_Task description_.
Only the images get left out; everything else in the records is to be transcribed exactly.

_Supplied material_.
• • • • •

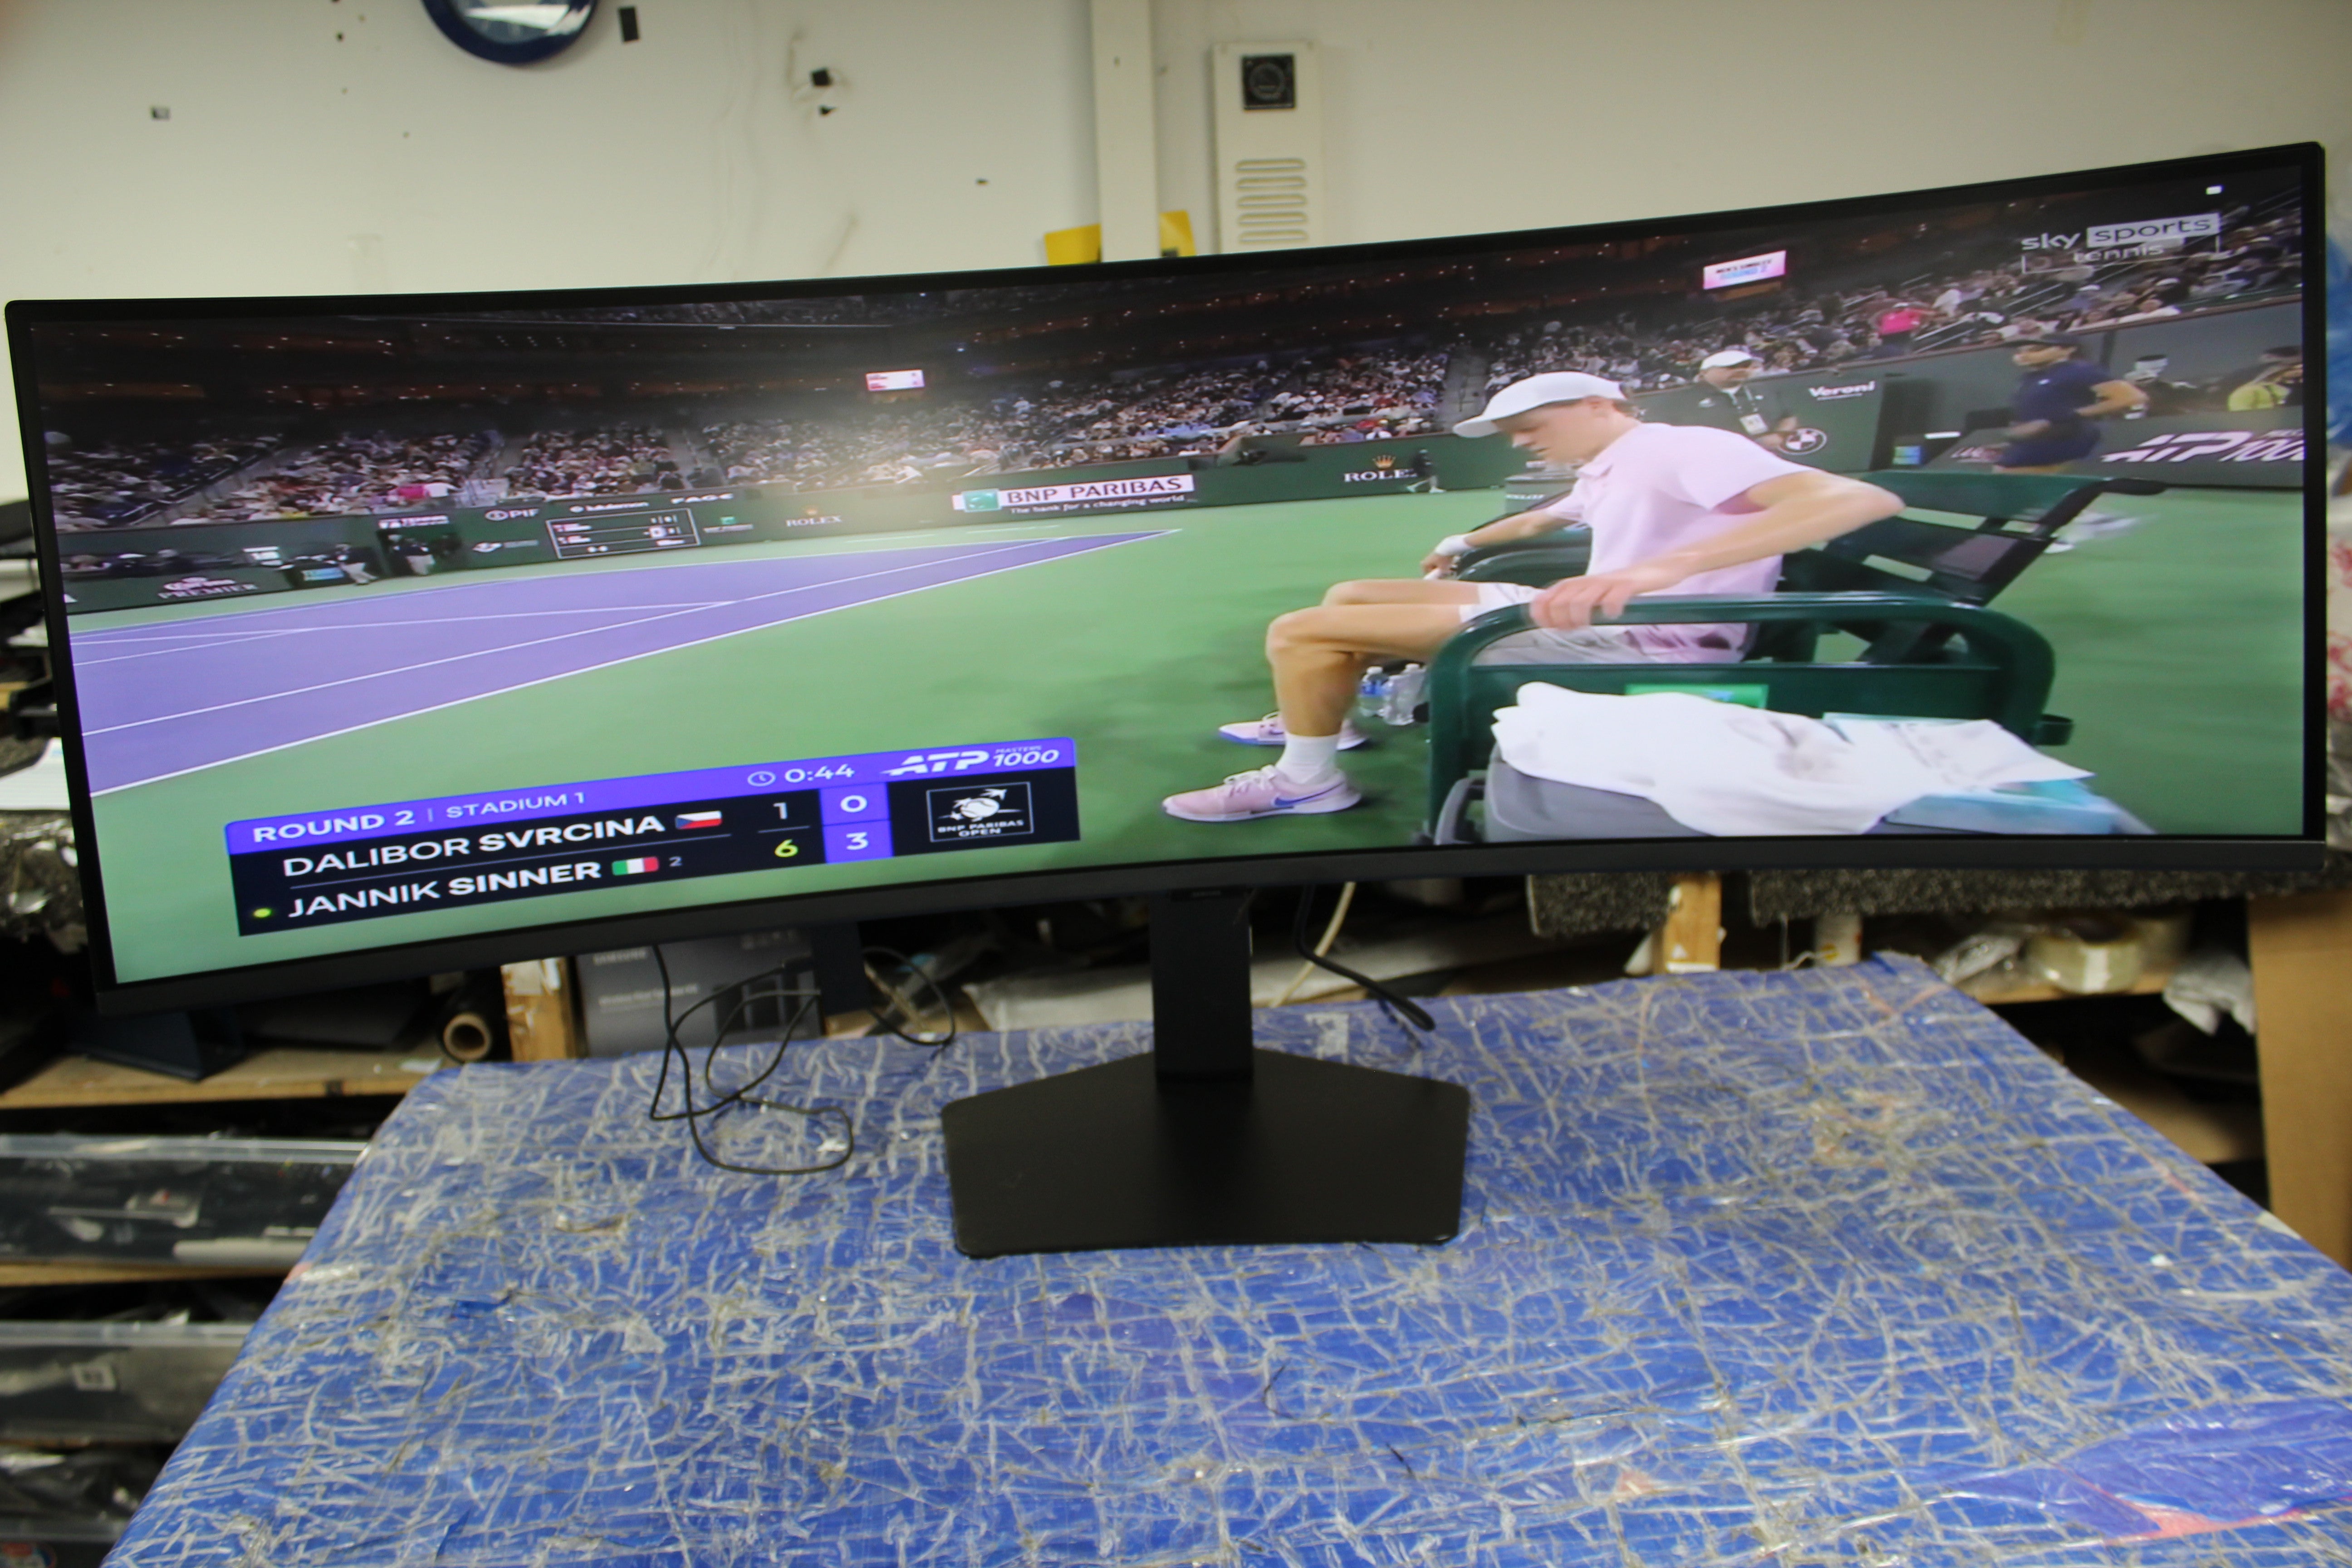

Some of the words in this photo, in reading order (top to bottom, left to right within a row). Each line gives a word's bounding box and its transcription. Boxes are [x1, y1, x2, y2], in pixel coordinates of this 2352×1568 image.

[2021, 232, 2081, 250] sky
[2095, 218, 2211, 242] sports
[2073, 243, 2165, 263] tennis
[2102, 431, 2253, 463] ATP
[1007, 488, 1057, 504] BNP
[1070, 478, 1182, 499] PARIBAS
[785, 764, 855, 783] 0:44
[881, 750, 990, 776] ATP
[993, 750, 1059, 767] 1000
[446, 794, 567, 818] STADIUM
[574, 792, 585, 804] 1
[773, 802, 788, 819] 1
[840, 795, 867, 813] 0
[254, 814, 384, 843] ROUND
[395, 810, 415, 826] 2
[958, 828, 1001, 837] OPEN
[969, 819, 1024, 830] PARIBAS
[283, 838, 470, 877] DALIBOR
[479, 815, 666, 852] SVRCINA
[774, 839, 798, 858] 6
[846, 832, 868, 850] 3
[288, 881, 441, 918] JANNIK
[448, 862, 601, 896] SINNER
[669, 856, 682, 867] 2
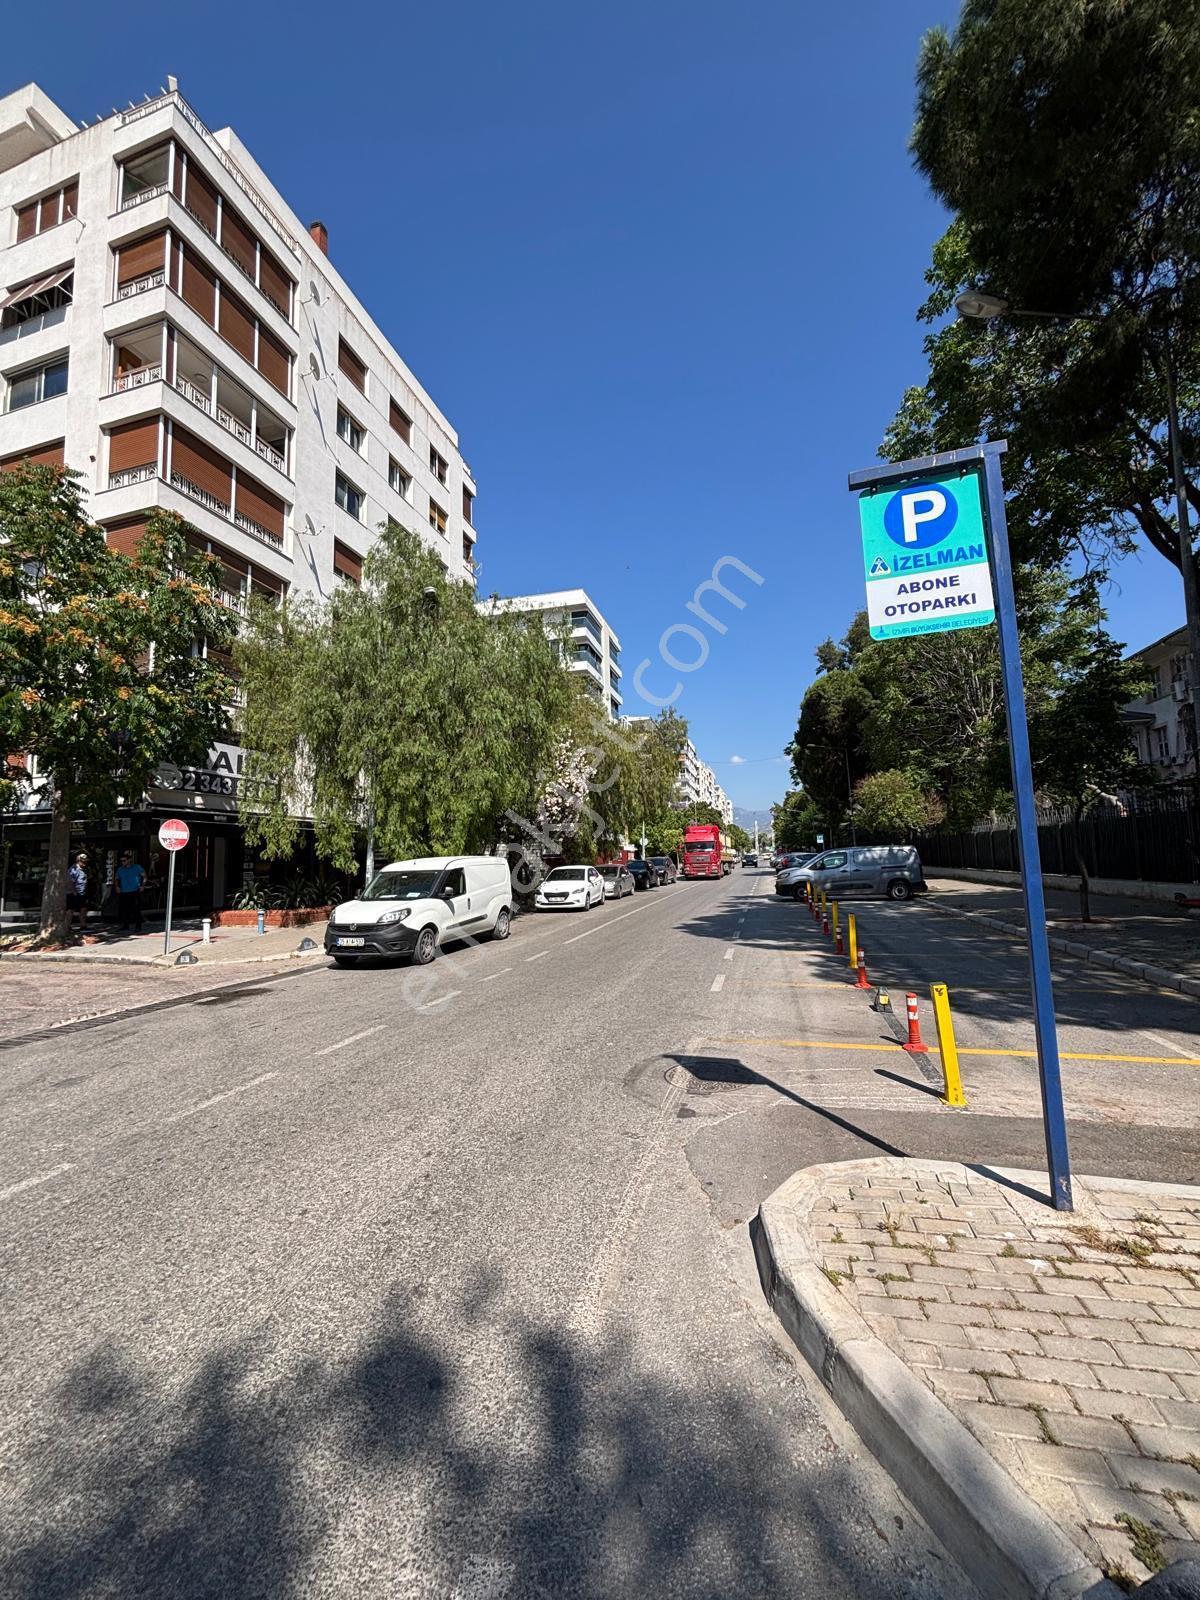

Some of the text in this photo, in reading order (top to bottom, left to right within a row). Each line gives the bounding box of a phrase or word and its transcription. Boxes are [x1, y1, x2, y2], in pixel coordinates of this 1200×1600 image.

• • • • •

_Output below_.
Some of the words in this photo, in reading order (top to bottom, left to right within a row). Each line gives a word's bounding box and its transcription. Boxes are [x1, y1, x2, y2], in pixel coordinates of this 2352×1568 image.

[2021, 232, 2081, 250] sky
[2095, 218, 2211, 242] sports
[2073, 243, 2165, 263] tennis
[2102, 431, 2253, 463] ATP
[1007, 488, 1057, 504] BNP
[1070, 478, 1182, 499] PARIBAS
[785, 764, 855, 783] 0:44
[881, 750, 990, 776] ATP
[993, 750, 1059, 767] 1000
[446, 794, 567, 818] STADIUM
[574, 792, 585, 804] 1
[773, 802, 788, 819] 1
[840, 795, 867, 813] 0
[254, 814, 384, 843] ROUND
[395, 810, 415, 826] 2
[958, 828, 1001, 837] OPEN
[969, 819, 1024, 830] PARIBAS
[283, 838, 470, 877] DALIBOR
[479, 815, 666, 852] SVRCINA
[774, 839, 798, 858] 6
[846, 832, 868, 850] 3
[288, 881, 441, 918] JANNIK
[448, 862, 601, 896] SINNER
[669, 856, 682, 867] 2

Some of the text in this photo, in reading order (top to bottom, left to right within a row). Each line gives the bounding box of a phrase or word and its transcription. Boxes are [x1, y1, x2, y2], in pixel coordinates of this 1200×1600 image.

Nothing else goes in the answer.